## Your assignment
When you repeat the records, keep every word exact and drop each picture.

═════ Input

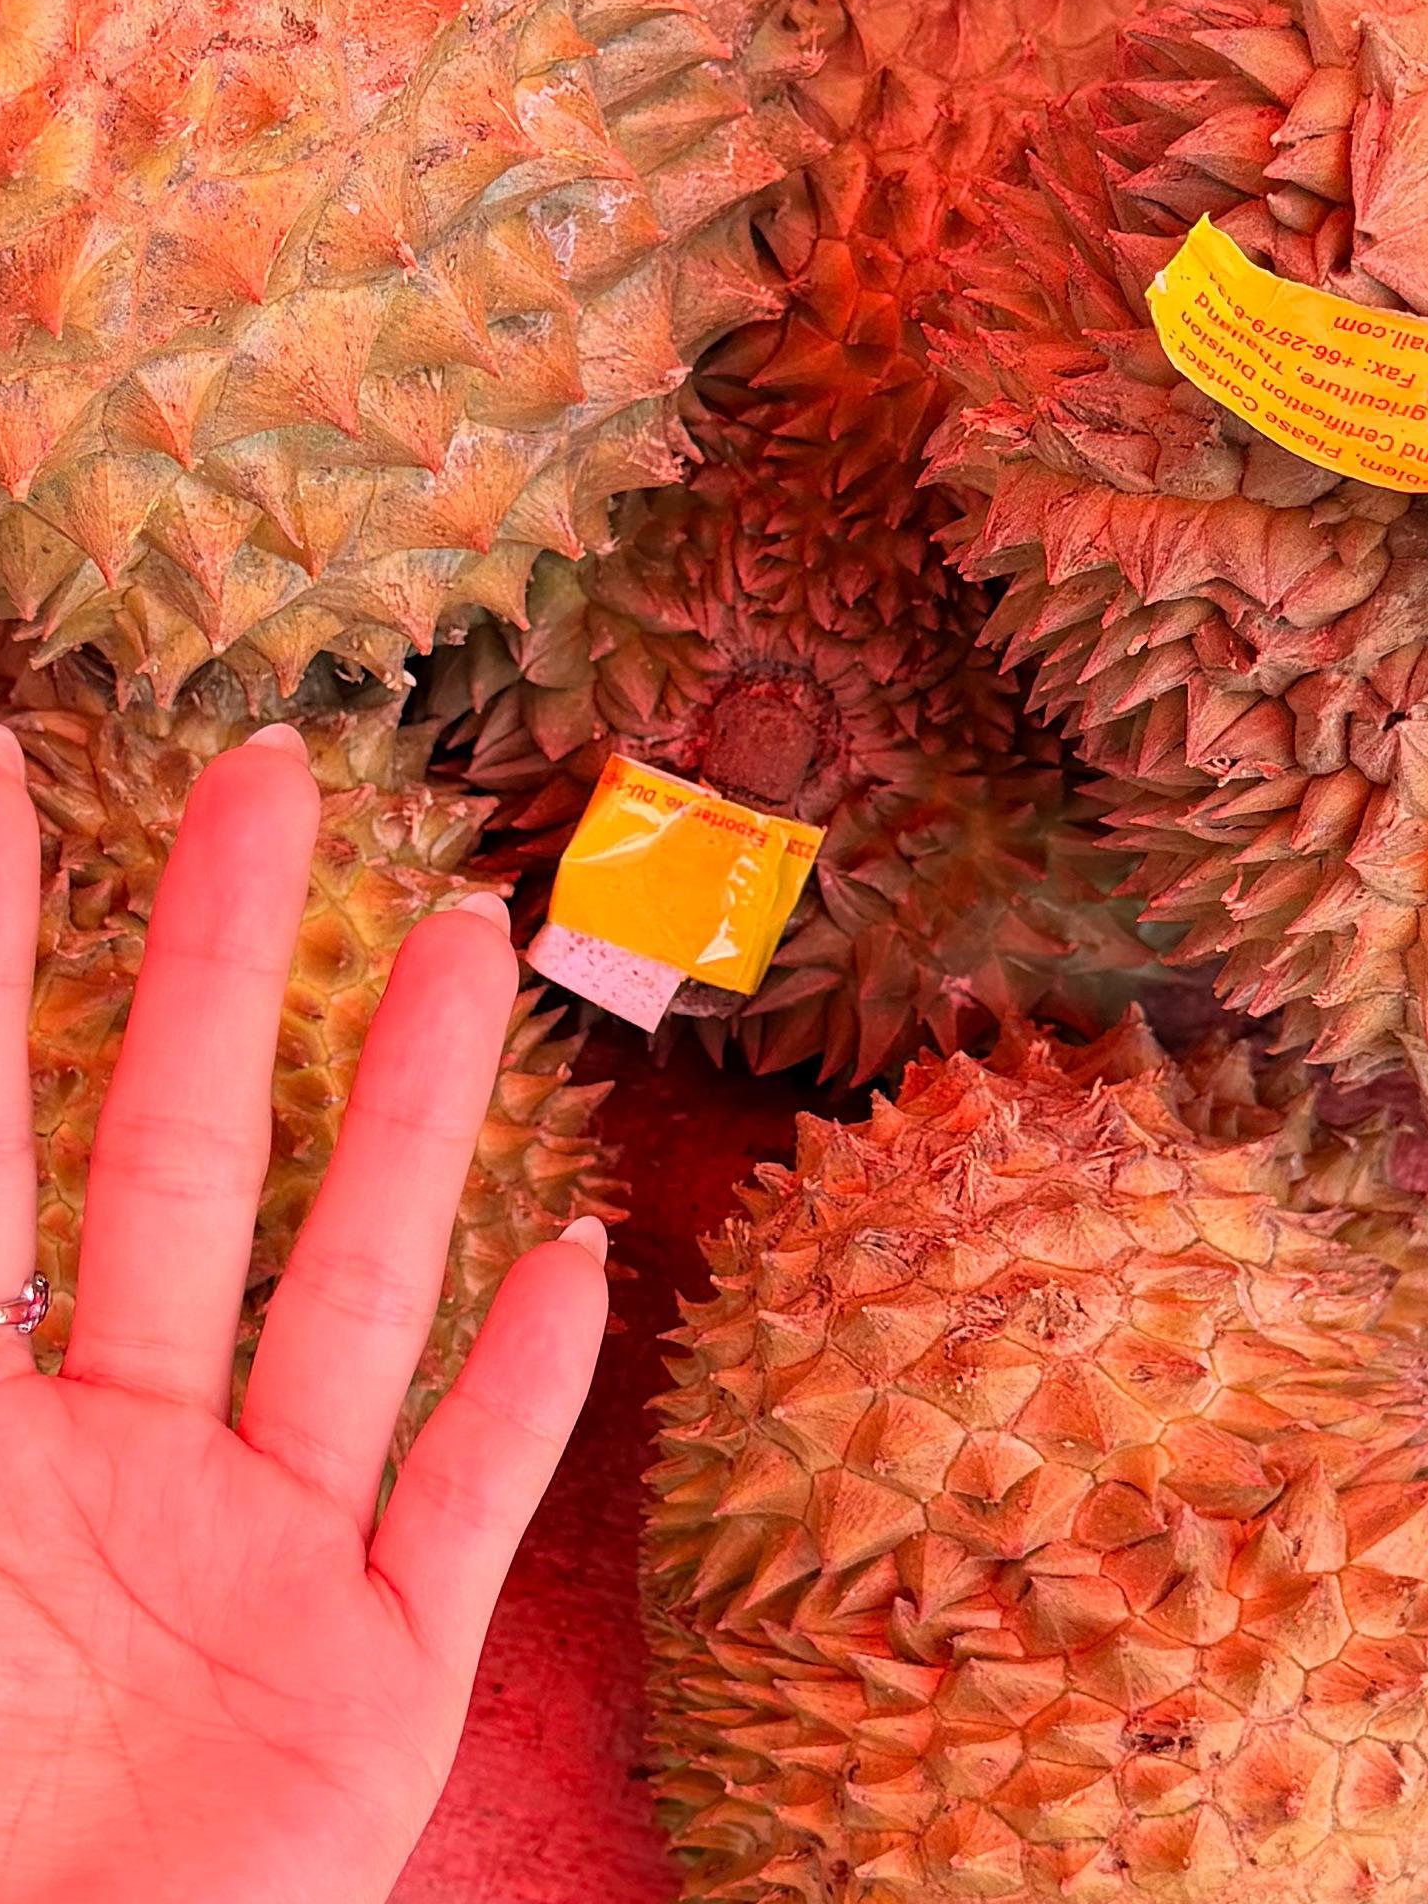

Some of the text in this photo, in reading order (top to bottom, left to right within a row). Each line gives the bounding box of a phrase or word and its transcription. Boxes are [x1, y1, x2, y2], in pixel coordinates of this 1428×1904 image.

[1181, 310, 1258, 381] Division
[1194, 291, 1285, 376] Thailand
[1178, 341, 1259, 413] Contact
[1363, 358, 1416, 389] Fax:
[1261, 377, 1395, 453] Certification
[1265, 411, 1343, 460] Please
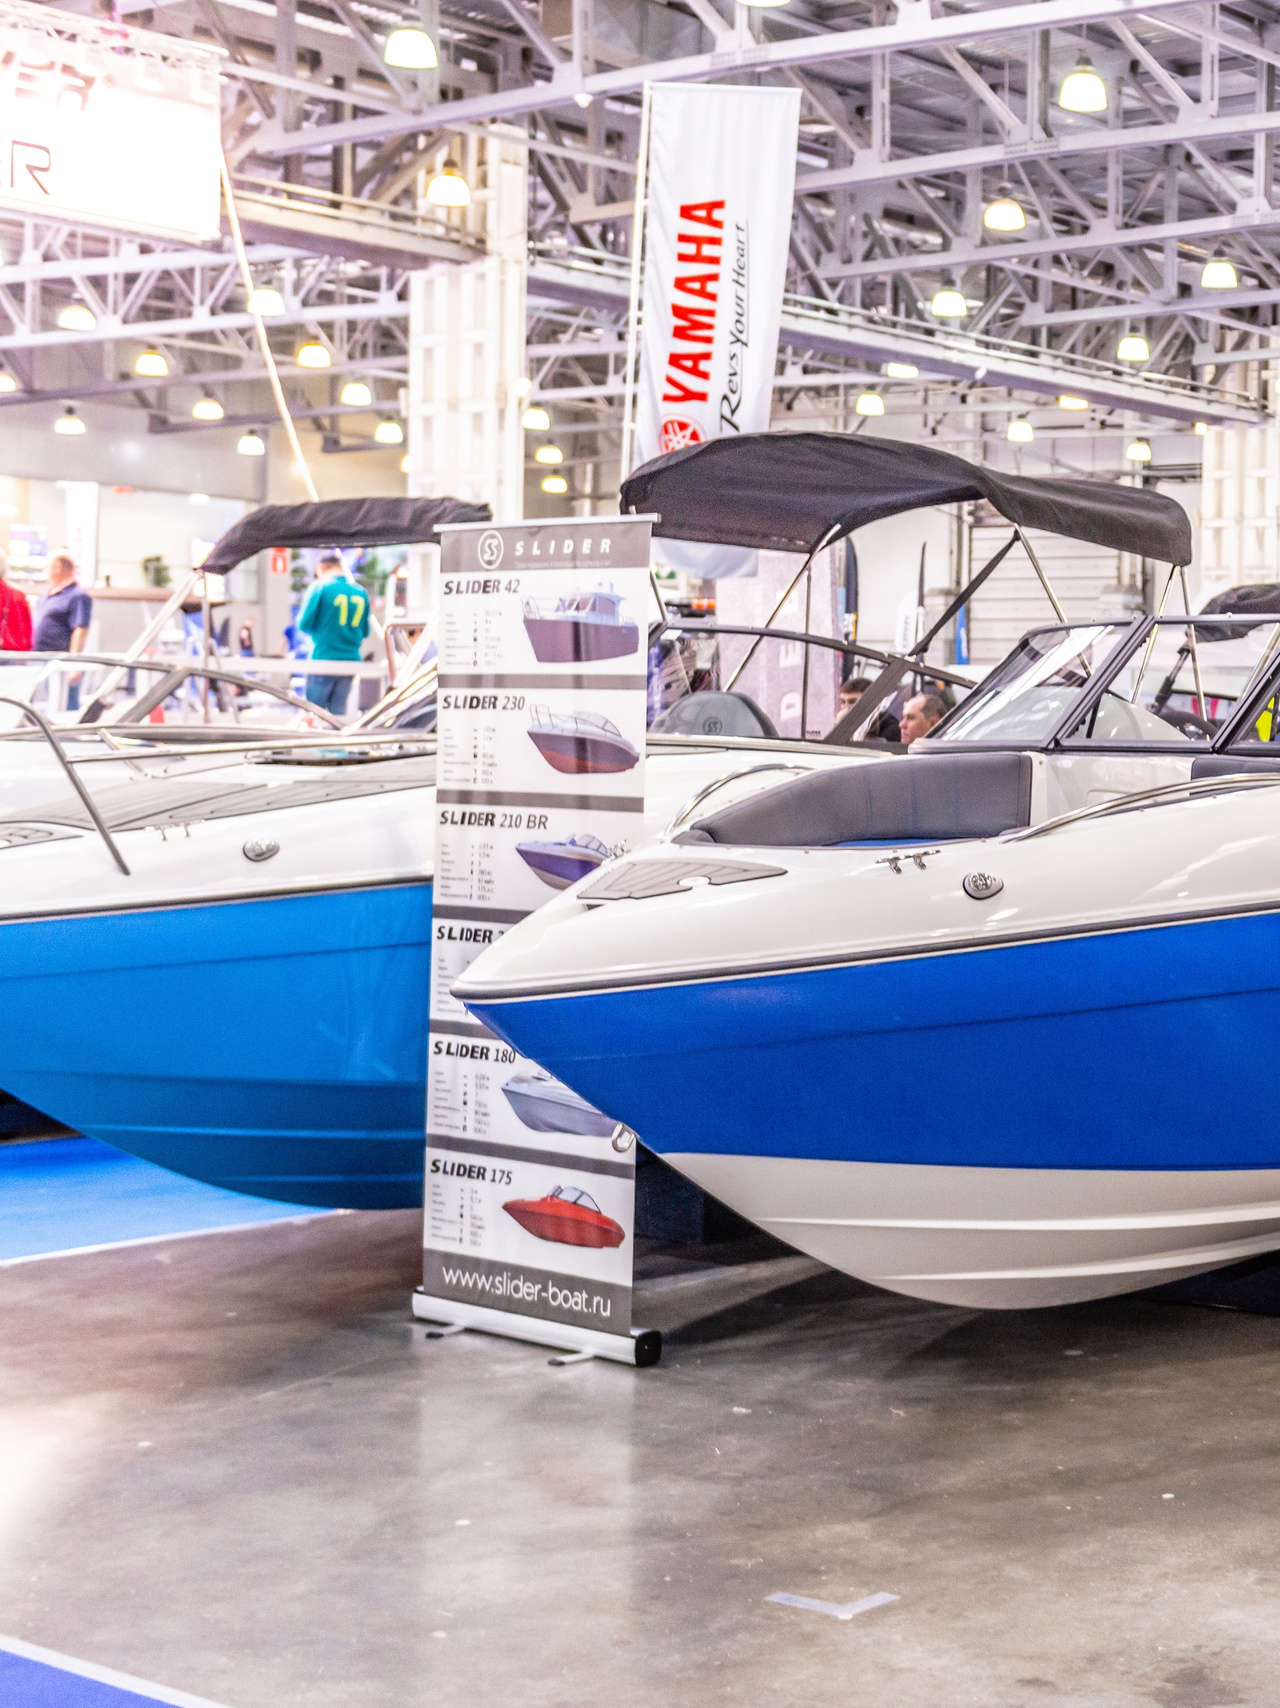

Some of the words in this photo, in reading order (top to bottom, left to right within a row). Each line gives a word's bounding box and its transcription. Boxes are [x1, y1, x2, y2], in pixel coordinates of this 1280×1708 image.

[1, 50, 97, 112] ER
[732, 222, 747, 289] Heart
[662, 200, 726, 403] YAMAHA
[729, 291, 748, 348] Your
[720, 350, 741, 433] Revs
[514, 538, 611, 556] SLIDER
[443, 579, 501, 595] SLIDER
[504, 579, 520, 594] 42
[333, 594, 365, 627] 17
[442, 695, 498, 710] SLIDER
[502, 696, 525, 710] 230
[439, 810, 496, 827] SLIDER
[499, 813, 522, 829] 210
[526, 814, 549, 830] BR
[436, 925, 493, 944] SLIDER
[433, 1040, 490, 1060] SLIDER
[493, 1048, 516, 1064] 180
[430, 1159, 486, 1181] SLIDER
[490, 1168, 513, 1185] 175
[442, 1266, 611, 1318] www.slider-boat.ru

══════════

## Exercise answer
Some of the text in this photo, in reading order (top to bottom, left to right within a row). Each line gives the bounding box of a phrase or word and its transcription. Boxes are [x1, y1, x2, y2], in pixel coordinates of this 1428×1904 image.

[1181, 310, 1258, 381] Division
[1194, 291, 1285, 376] Thailand
[1178, 341, 1259, 413] Contact
[1363, 358, 1416, 389] Fax:
[1261, 377, 1395, 453] Certification
[1265, 411, 1343, 460] Please

Some of the words in this photo, in reading order (top to bottom, left to right within a row). Each line gives a word's bounding box and its transcription. Boxes are [x1, y1, x2, y2], in pixel coordinates of this 1280×1708 image.

[1, 50, 97, 112] ER
[732, 222, 747, 289] Heart
[662, 200, 726, 403] YAMAHA
[729, 291, 748, 348] Your
[720, 350, 741, 433] Revs
[514, 538, 611, 556] SLIDER
[443, 579, 501, 595] SLIDER
[504, 579, 520, 594] 42
[333, 594, 365, 627] 17
[442, 695, 498, 710] SLIDER
[502, 696, 525, 710] 230
[439, 810, 496, 827] SLIDER
[499, 813, 522, 829] 210
[526, 814, 549, 830] BR
[436, 925, 493, 944] SLIDER
[433, 1040, 490, 1060] SLIDER
[493, 1048, 516, 1064] 180
[430, 1159, 486, 1181] SLIDER
[490, 1168, 513, 1185] 175
[442, 1266, 611, 1318] www.slider-boat.ru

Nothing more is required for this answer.